DATA TO USE:

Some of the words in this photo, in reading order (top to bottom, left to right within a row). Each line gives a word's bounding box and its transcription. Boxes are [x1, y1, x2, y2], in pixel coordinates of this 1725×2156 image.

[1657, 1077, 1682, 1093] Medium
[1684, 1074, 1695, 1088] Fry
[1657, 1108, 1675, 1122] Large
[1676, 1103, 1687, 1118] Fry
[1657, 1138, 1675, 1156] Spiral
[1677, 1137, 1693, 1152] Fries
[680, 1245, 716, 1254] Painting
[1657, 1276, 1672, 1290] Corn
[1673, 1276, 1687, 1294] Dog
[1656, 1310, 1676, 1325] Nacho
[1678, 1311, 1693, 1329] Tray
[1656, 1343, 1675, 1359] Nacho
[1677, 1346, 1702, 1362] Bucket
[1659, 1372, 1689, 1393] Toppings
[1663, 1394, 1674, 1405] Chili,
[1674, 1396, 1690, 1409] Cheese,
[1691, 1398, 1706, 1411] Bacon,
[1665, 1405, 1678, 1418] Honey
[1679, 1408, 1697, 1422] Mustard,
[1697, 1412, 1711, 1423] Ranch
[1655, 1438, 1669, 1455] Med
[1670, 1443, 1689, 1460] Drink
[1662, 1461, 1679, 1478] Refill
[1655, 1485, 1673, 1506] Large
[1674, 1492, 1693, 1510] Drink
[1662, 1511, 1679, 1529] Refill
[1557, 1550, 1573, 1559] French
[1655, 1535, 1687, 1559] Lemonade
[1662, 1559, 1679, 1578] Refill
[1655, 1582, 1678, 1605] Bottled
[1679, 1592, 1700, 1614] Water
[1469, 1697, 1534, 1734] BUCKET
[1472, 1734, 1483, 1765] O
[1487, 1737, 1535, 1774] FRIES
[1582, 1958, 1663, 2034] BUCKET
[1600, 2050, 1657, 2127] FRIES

WHAT YOU WILL DO: In full and without changes, give the data above once more.

TASK RESPONSE:
Some of the words in this photo, in reading order (top to bottom, left to right within a row). Each line gives a word's bounding box and its transcription. Boxes are [x1, y1, x2, y2], in pixel coordinates of this 1725×2156 image.

[1657, 1077, 1682, 1093] Medium
[1684, 1074, 1695, 1088] Fry
[1657, 1108, 1675, 1122] Large
[1676, 1103, 1687, 1118] Fry
[1657, 1138, 1675, 1156] Spiral
[1677, 1137, 1693, 1152] Fries
[680, 1245, 716, 1254] Painting
[1657, 1276, 1672, 1290] Corn
[1673, 1276, 1687, 1294] Dog
[1656, 1310, 1676, 1325] Nacho
[1678, 1311, 1693, 1329] Tray
[1656, 1343, 1675, 1359] Nacho
[1677, 1346, 1702, 1362] Bucket
[1659, 1372, 1689, 1393] Toppings
[1663, 1394, 1674, 1405] Chili,
[1674, 1396, 1690, 1409] Cheese,
[1691, 1398, 1706, 1411] Bacon,
[1665, 1405, 1678, 1418] Honey
[1679, 1408, 1697, 1422] Mustard,
[1697, 1412, 1711, 1423] Ranch
[1655, 1438, 1669, 1455] Med
[1670, 1443, 1689, 1460] Drink
[1662, 1461, 1679, 1478] Refill
[1655, 1485, 1673, 1506] Large
[1674, 1492, 1693, 1510] Drink
[1662, 1511, 1679, 1529] Refill
[1557, 1550, 1573, 1559] French
[1655, 1535, 1687, 1559] Lemonade
[1662, 1559, 1679, 1578] Refill
[1655, 1582, 1678, 1605] Bottled
[1679, 1592, 1700, 1614] Water
[1469, 1697, 1534, 1734] BUCKET
[1472, 1734, 1483, 1765] O
[1487, 1737, 1535, 1774] FRIES
[1582, 1958, 1663, 2034] BUCKET
[1600, 2050, 1657, 2127] FRIES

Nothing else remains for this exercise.